=== THE DATA ===
- Opening Delimiter -
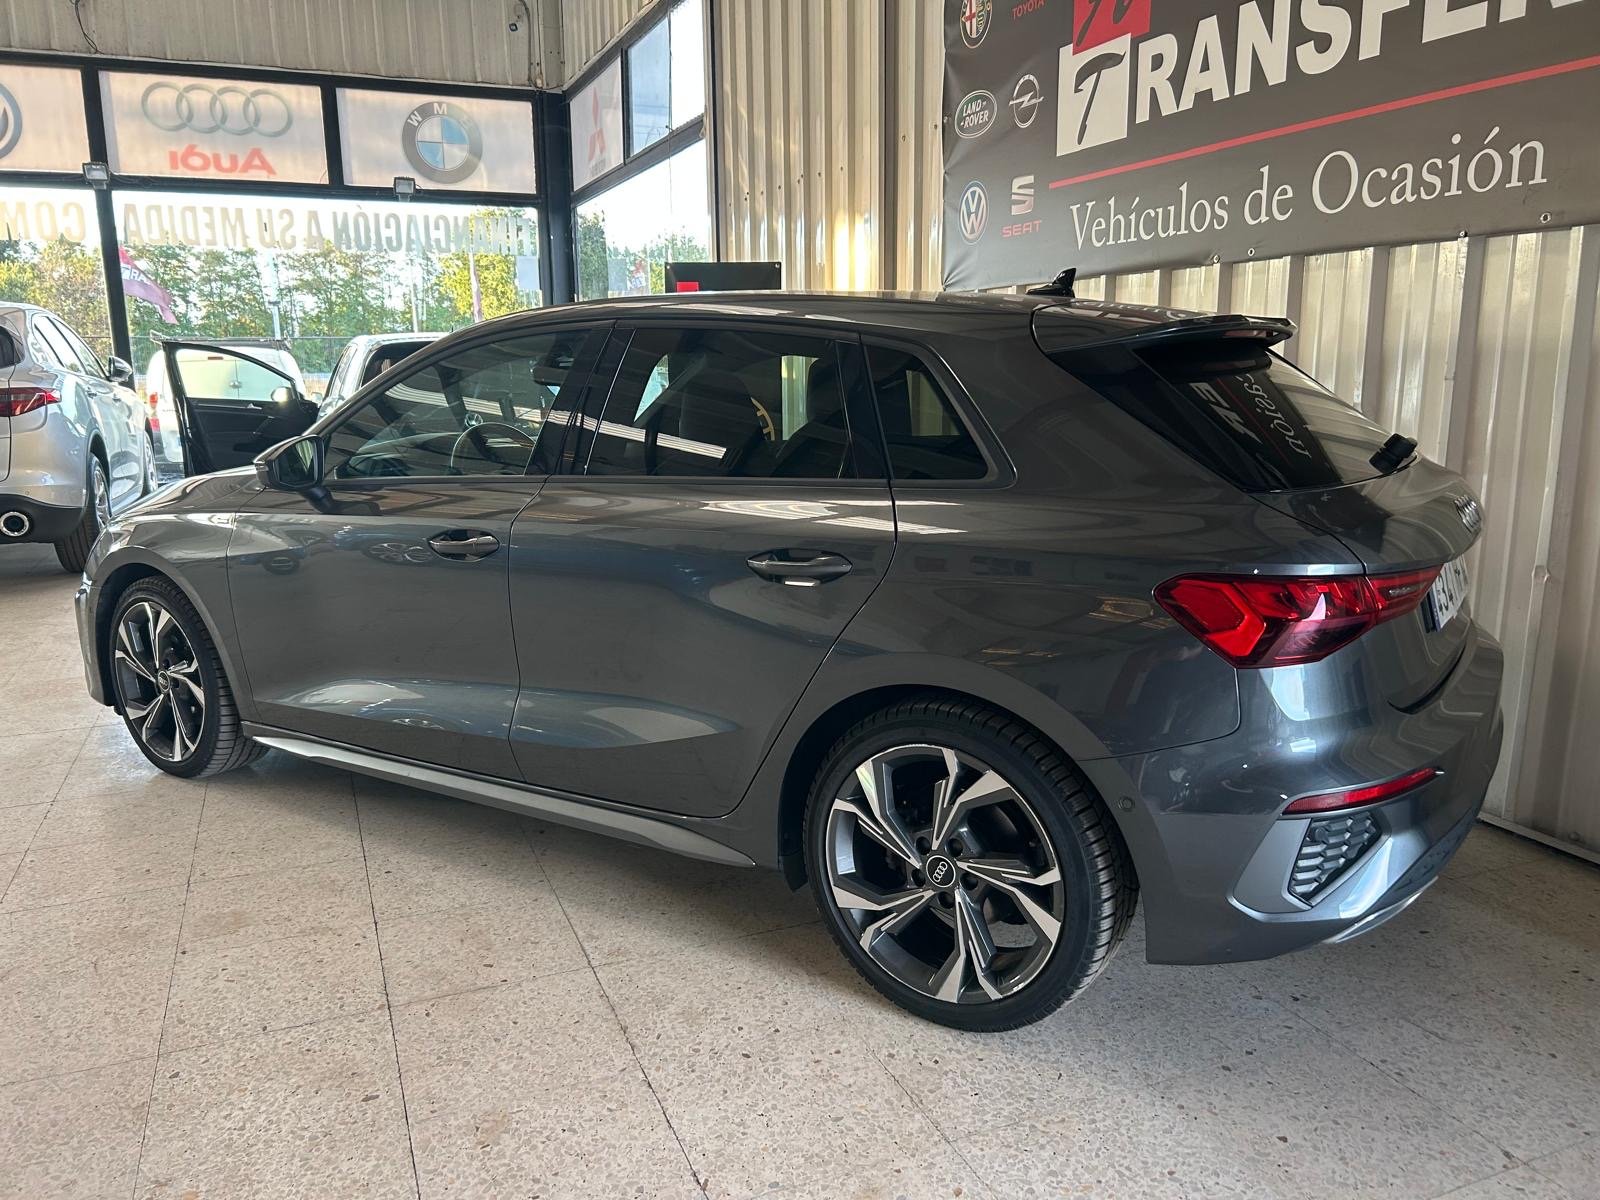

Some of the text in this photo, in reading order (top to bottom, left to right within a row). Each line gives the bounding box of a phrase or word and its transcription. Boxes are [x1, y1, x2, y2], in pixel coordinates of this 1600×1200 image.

[1011, 0, 1047, 20] TOYOTA
[962, 98, 982, 117] LAND
[963, 110, 990, 129] ROVER
[1070, 126, 1548, 250] Vehículos de Ocasión
[1001, 219, 1042, 238] SEAT
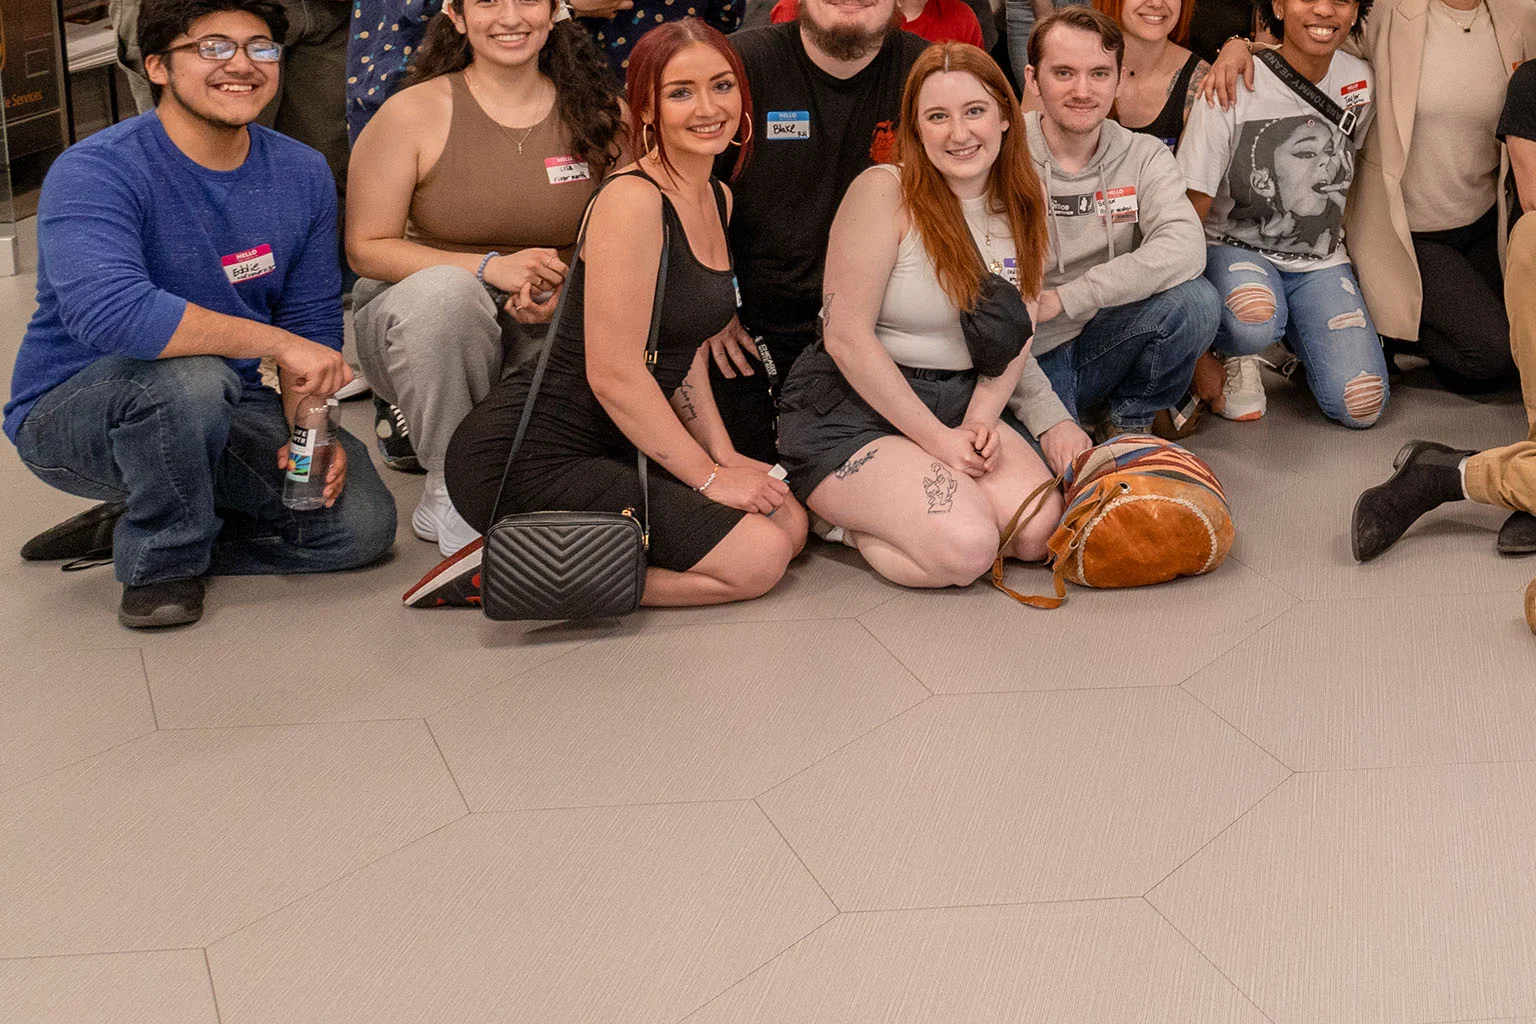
- Closing Delimiter -
For this task, give the full listing again verbatim and keep out every picture.

Some of the text in this photo, in reading order (top to bottom, left to right within a row). Each line gives the bounding box of a phrase or word and its transcription. Boxes are [x1, y1, x2, y2], in pixel coordinates of this 1600×1200 image.

[1011, 0, 1047, 20] TOYOTA
[962, 98, 982, 117] LAND
[963, 110, 990, 129] ROVER
[1070, 126, 1548, 250] Vehículos de Ocasión
[1001, 219, 1042, 238] SEAT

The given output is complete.